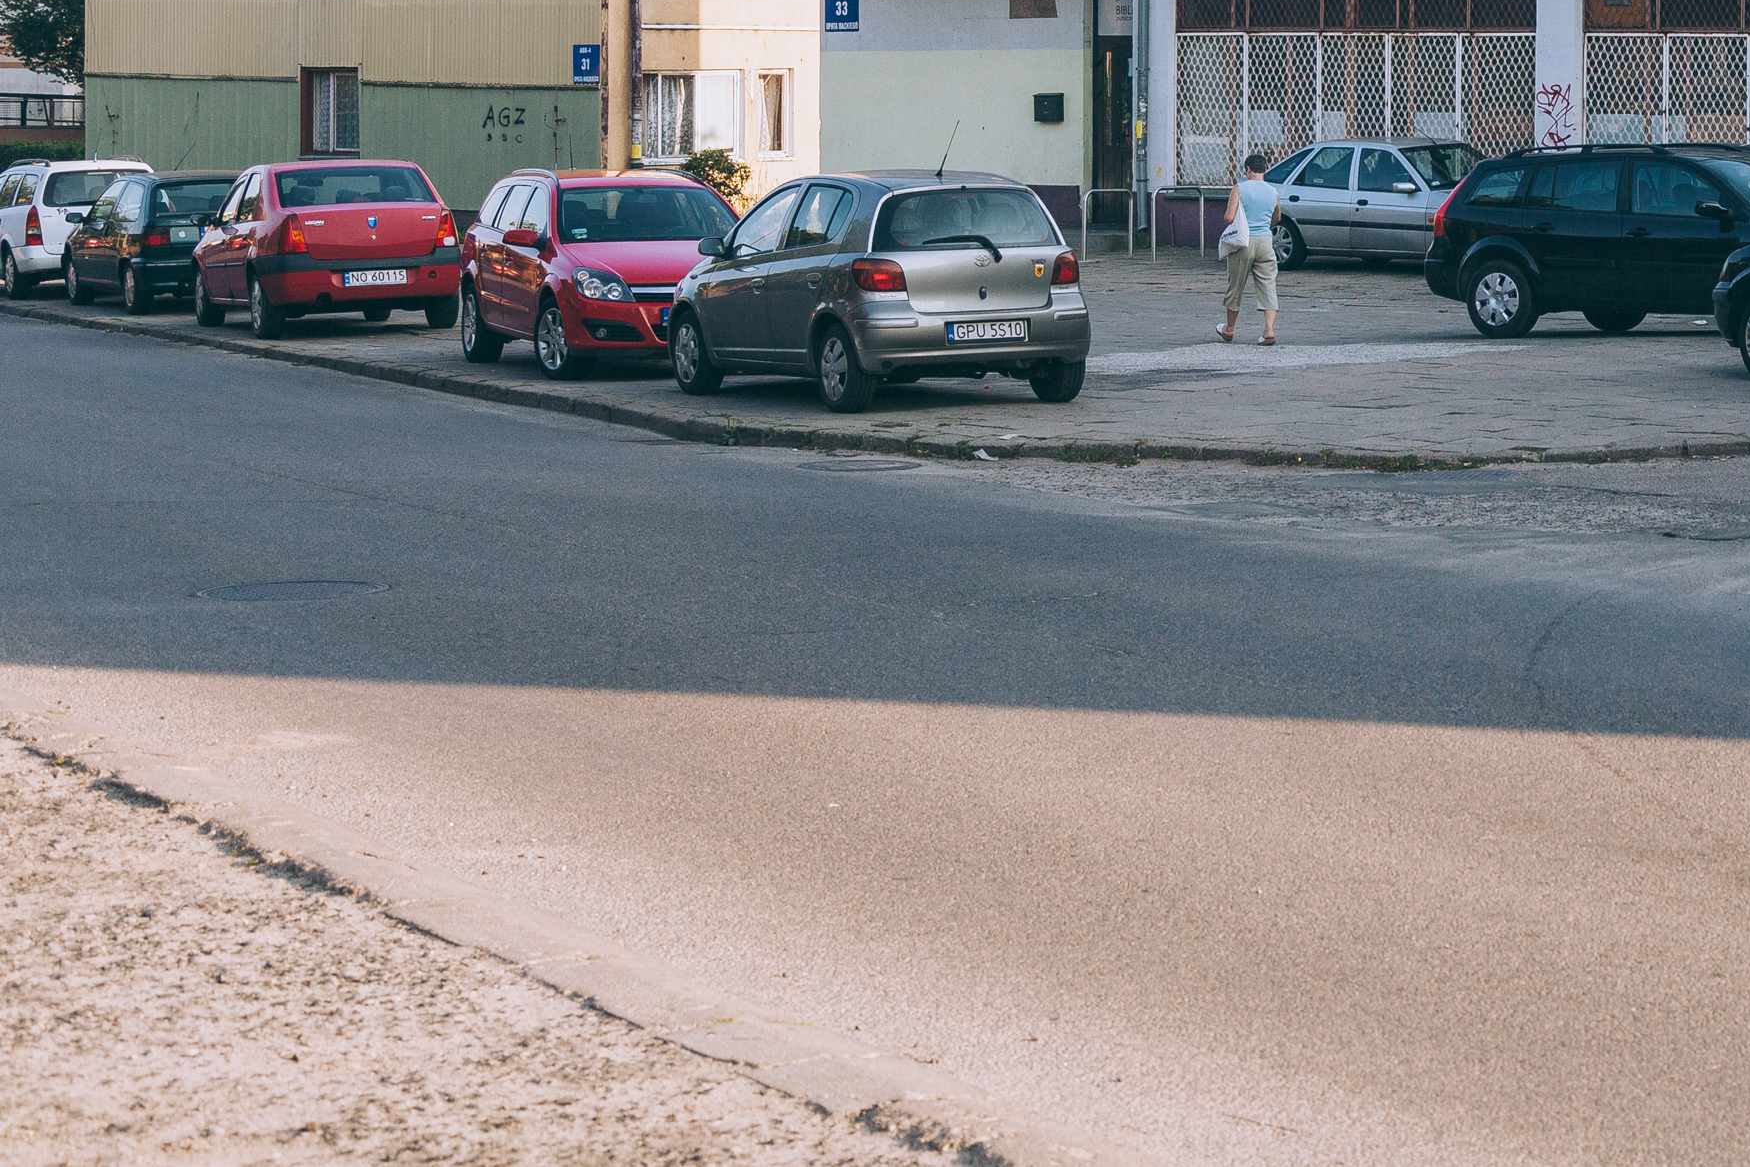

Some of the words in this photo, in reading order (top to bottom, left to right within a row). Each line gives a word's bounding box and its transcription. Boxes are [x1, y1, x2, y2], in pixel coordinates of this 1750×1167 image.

[835, 1, 848, 15] 33
[581, 58, 590, 70] 31
[482, 105, 526, 129] AGZ
[351, 272, 368, 283] NO
[371, 270, 405, 282] 60115
[956, 324, 986, 339] GPU
[990, 322, 1023, 338] 5S10
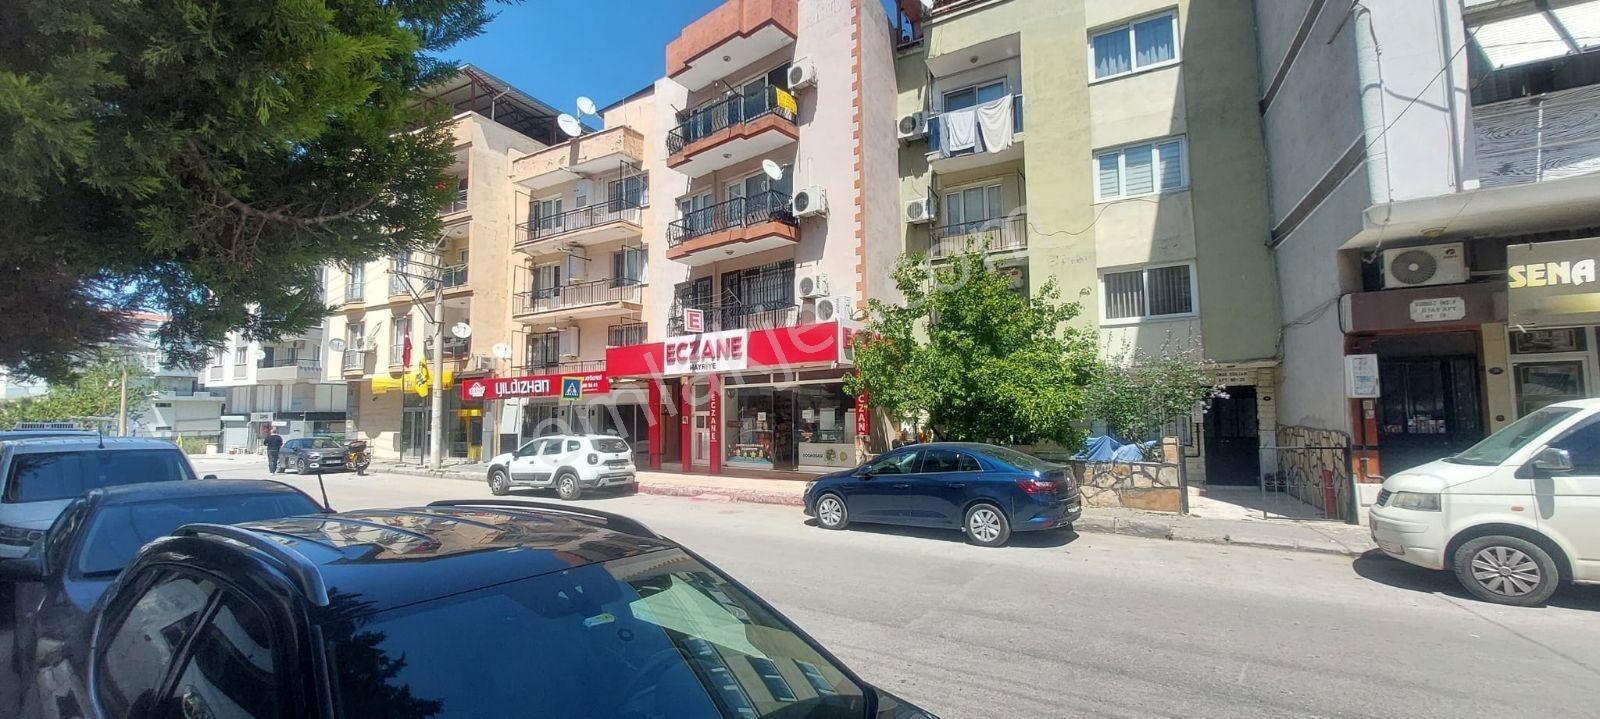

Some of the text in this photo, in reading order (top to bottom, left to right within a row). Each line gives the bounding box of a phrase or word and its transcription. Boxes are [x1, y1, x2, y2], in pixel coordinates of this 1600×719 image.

[1507, 259, 1596, 289] SENA
[689, 313, 700, 328] E
[666, 335, 743, 365] ECZANE
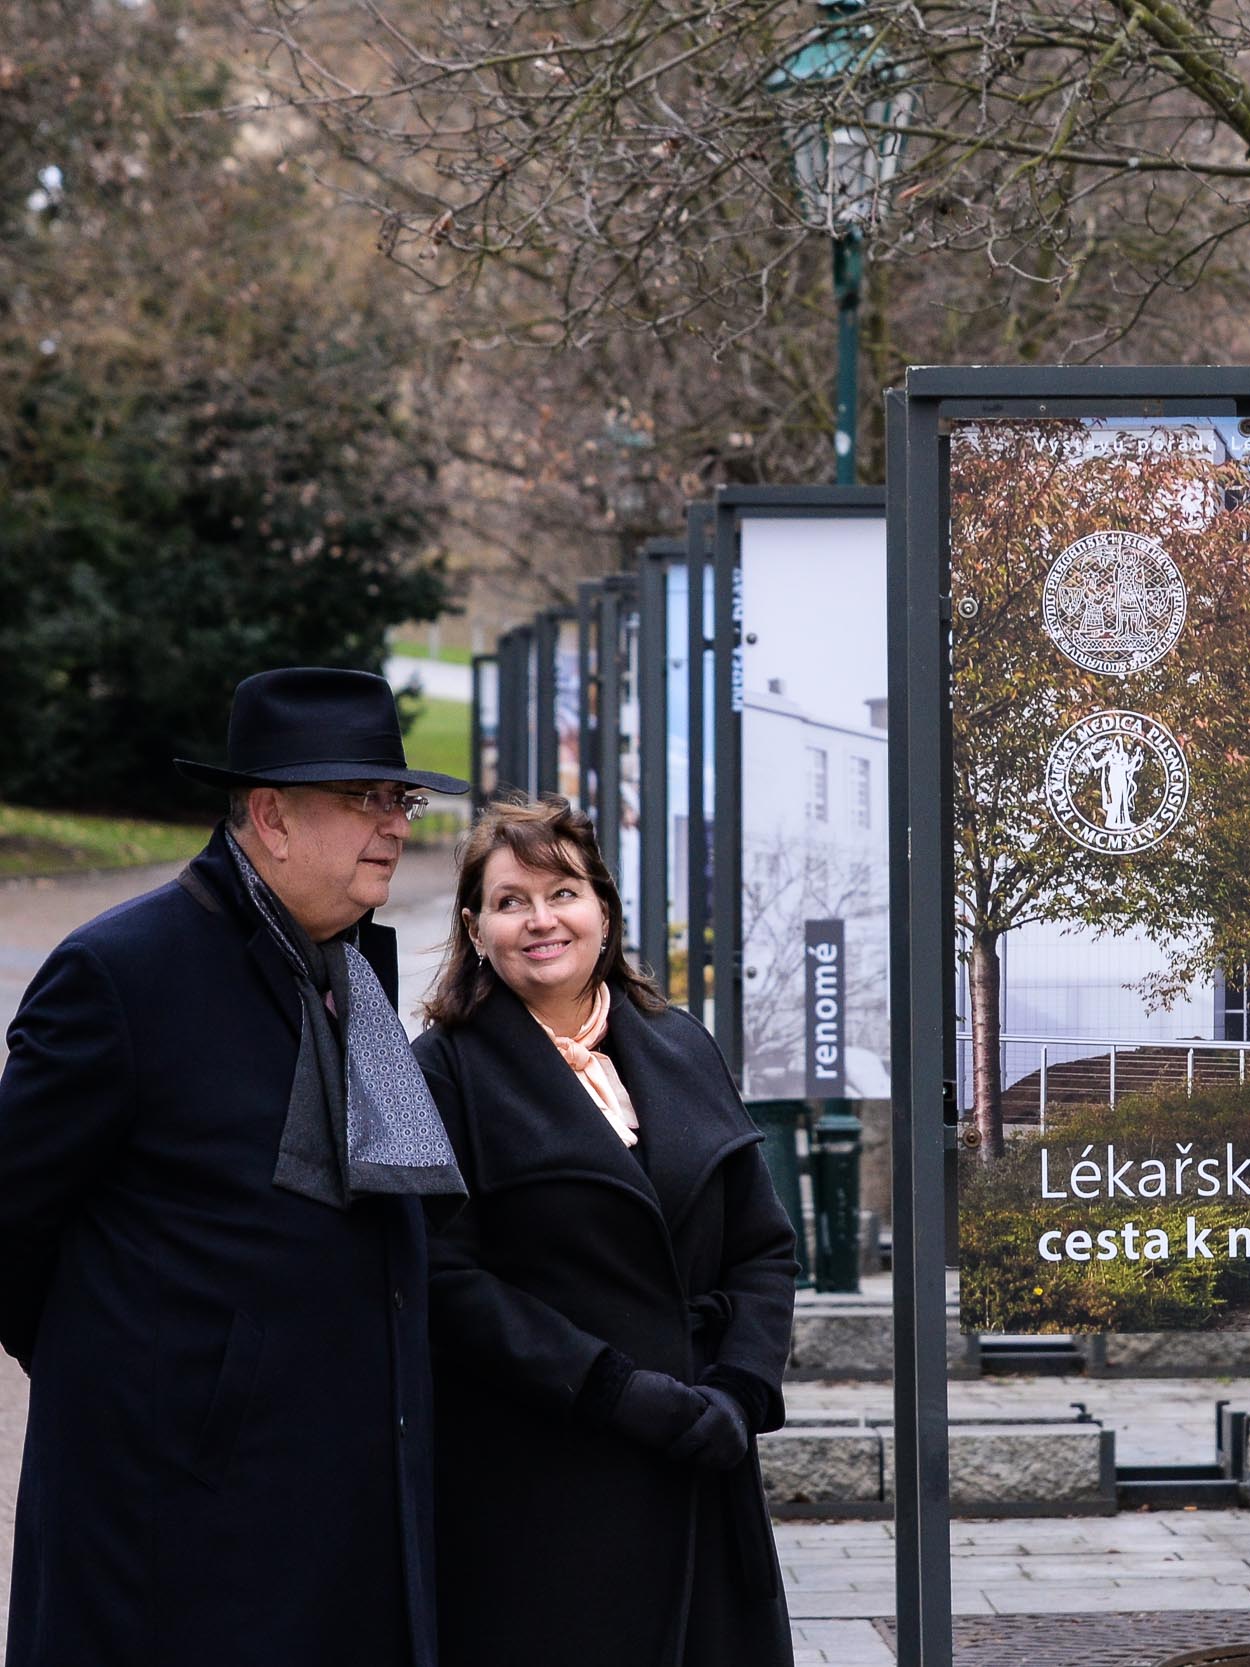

◆ ◆ ◆ ◆ ◆

▶ Aim of the task: When repeating the material above, keep every line exact and drop all pictures.

▶ Answer for this exercise:
Some of the words in this photo, in reading order (top to bottom, left to right within a row). Each line gives a word's bounding box and its transcription. Boxes are [x1, y1, x2, y2], in pixel coordinates of this 1750×1167 image.

[835, 1, 848, 15] 33
[581, 58, 590, 70] 31
[482, 105, 526, 129] AGZ
[351, 272, 368, 283] NO
[371, 270, 405, 282] 60115
[956, 324, 986, 339] GPU
[990, 322, 1023, 338] 5S10

Some of the text in this photo, in reading order (top to bottom, left to right within a row). Each line gives the bounding box of a phrase or word and its transcription. Boxes are [x1, y1, x2, y2], in pixel coordinates of this 1600×719 image.

[1507, 259, 1596, 289] SENA
[689, 313, 700, 328] E
[666, 335, 743, 365] ECZANE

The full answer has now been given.